Bonaire box jelly - Tamoya ohboya
Bonaire box jelly, Tamoya ohboya

 

 

St. Vincent – Oh boy! Another species for our life lists.  We recognized the pulsing creature as a jellyfish, but would not have known it was the jellyfish, had we not been alerted to its existence by Bud Gillan, a teaching colleague of Ned’s from years back. Bud, now teaching AP and Honors Biology in South Florida, had been tracking this species for nearly a decade. He showed us a photo of the then undescribed jellyfish when we met up with him a number of years ago in Bonaire. The box jelly, with distinctive brown and white-banded tentacles, had earned the common name, Bonaire banded box jelly, because the vast number of reported sightings came from that island. But there we were in St. Vincent, a different area of the Caribbean, so we gave chase, determined to document its presence in those waters. Mission accomplished and the photos and information were forwarded to Bud.

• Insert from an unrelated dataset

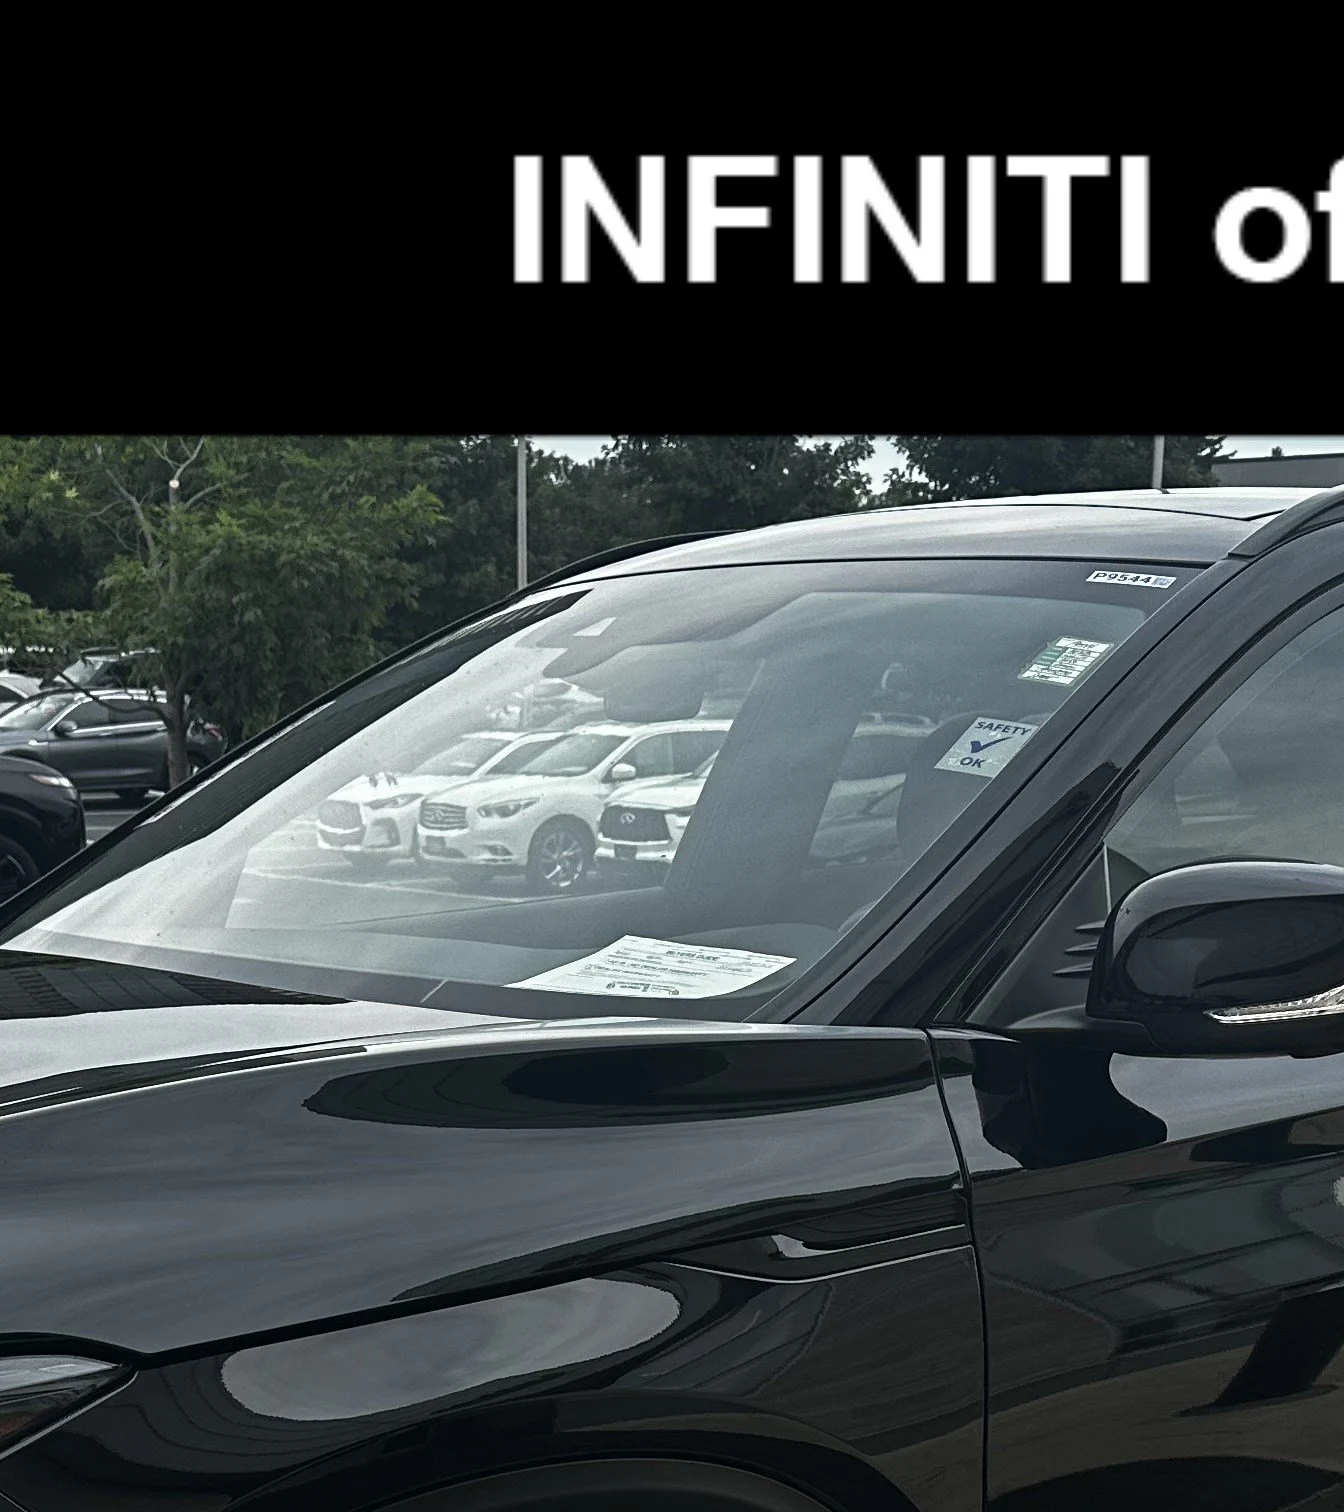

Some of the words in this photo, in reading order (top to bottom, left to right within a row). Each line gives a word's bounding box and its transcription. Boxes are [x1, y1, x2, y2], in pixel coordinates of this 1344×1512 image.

[1093, 571, 1153, 584] P9544
[974, 720, 1033, 736] SAFETY
[959, 756, 987, 769] OK

News of the official naming of the jellyfish came last spring when Bud sent us a copy of the paper, published in Zootaxa. He is one of the co-authors:  Naming the Bonaire banded box jelly, Tamoya ohboya, n. sp. (Cnidaria: Cubozoa: Carybdeida: Tamoyidae).  To us, one of the most delightful aspects of this study was the contest to name the species. As part of the 2009 Year of Science celebration, the public was invited to submit proposed names and their reasons. Public Internet voting selected the name submitted by marine biology teacher Lisa Peck: Tamoya ohboya.

I was happy to be able to add an official name to my personal life list of Caribbean invertebrates. Here is a bit of video of Tamoya ohboya. In it, the first was the St. Vincent specimen (I was on snorkel; Ned was below me on SCUBA). The second specimen was one I encountered two years ago in Bonaire – it is accompanied by a very tiny filefish and jack.